报告人:Dr. Michael Xuan Cao 博士后 RWTH Aachen University
报告题目:Channel Simulation: Tight meta converse for error and strong converse exponents
时间:2025年7月24日10:30-12:00
地点:数学楼423会议室
摘要:
We determine the exact error and strong converse exponents of shared randomness-assisted channel simulation in worst case total-variation distance. Namely, we find that these exponents can be written as simple optimizations over the Rényi channel mutual information. Strikingly, and in stark contrast to channel coding, there are no critical rates, allowing a tight characterization for arbitrary rates below and above the simulation capacity.
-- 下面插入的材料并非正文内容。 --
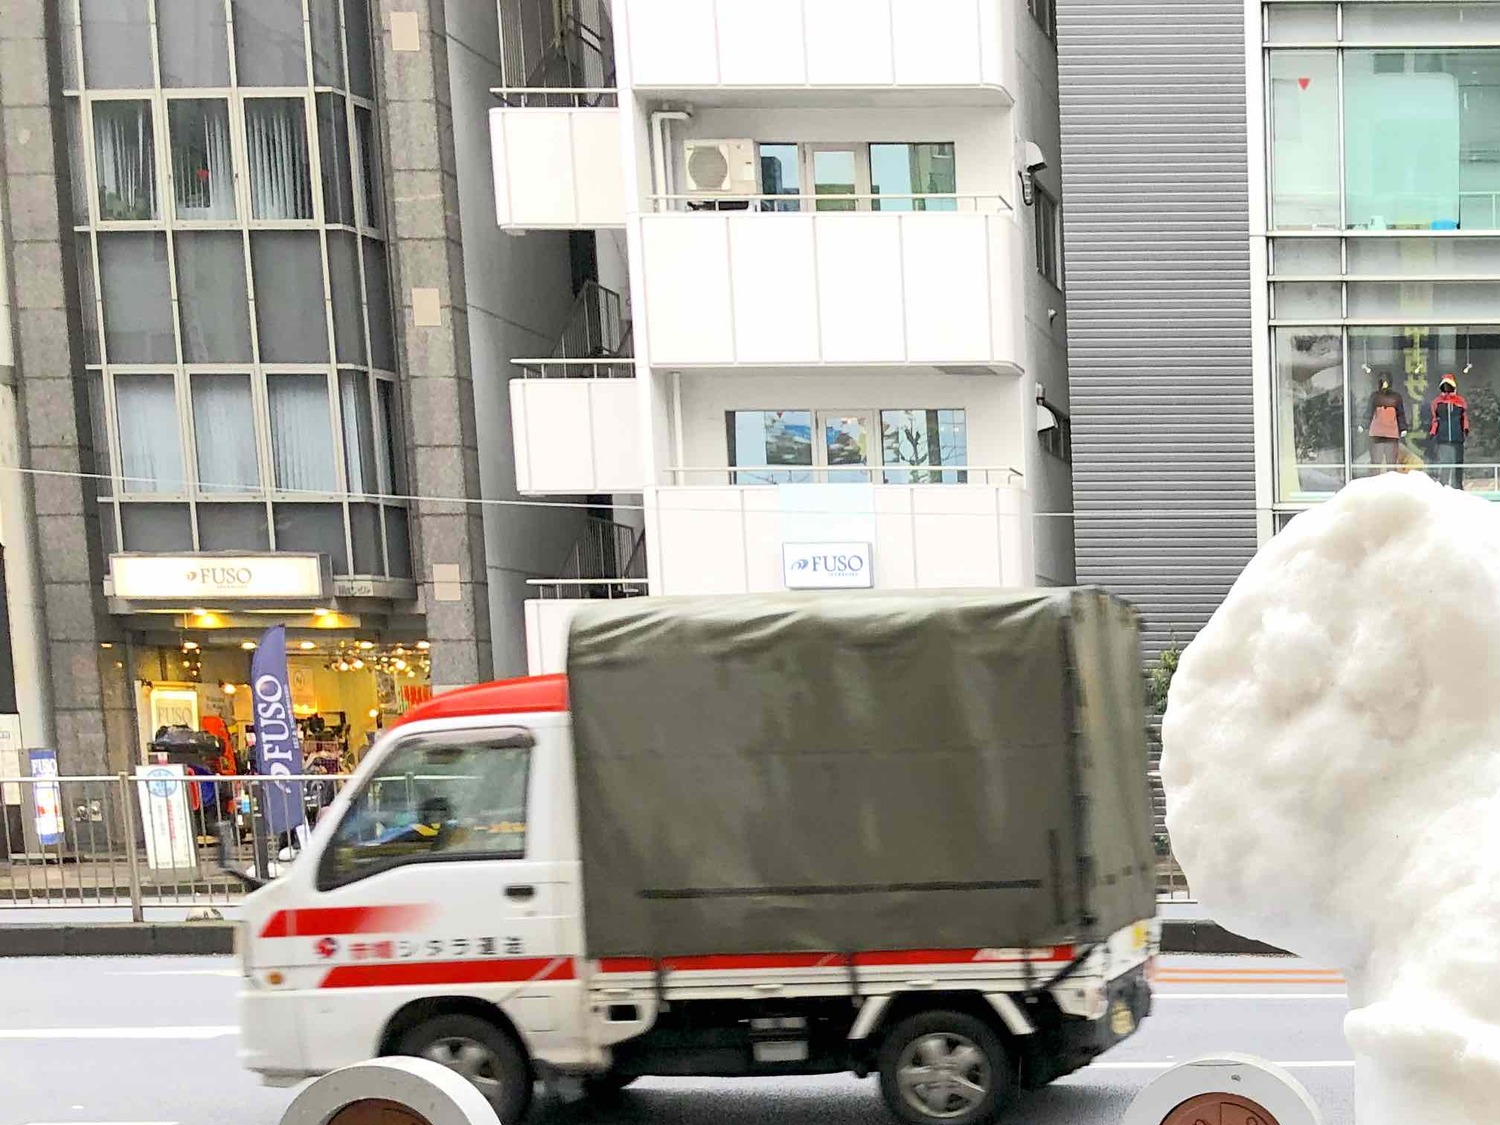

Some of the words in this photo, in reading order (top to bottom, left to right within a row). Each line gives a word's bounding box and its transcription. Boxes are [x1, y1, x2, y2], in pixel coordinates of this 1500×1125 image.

We derive our results by asymptotically expanding the meta-converse for channel simulation [Cao et al., IEEE Trans. Inf. Theory (2024)], which corresponds to non-signaling assisted codes. We prove this to be asymptotically tight by employing the approximation algorithms from [Berta et al., Proc. IEEE ISIT (2024)], which show how to round any non-signaling assisted strategy to a strategy that only uses shared randomness. Notably, this implies that any additional quantum entanglement-assistance does not change the error or the strong converse exponents.
报告人简介:
Dr. Michael Xuan Cao is currently a research fellow at the Institute for Quantum Information, RWTH Aachen University. He works in the field of classical and quantum Shannon theory, with a particular focus on finite-blocklength problems, especially in network settings. He also has a long-term interest in the connections between statistical graphical models, belief propagation, and quantum Gibbs sampling. He received his Ph.D. in Information Engineering (2021), Bachelor of Engineering in Information Engineering (2014), and Bachelor of Science in Mathematics (2014), all from the Chinese University of Hong Kong.
邀请人:李永龙 教授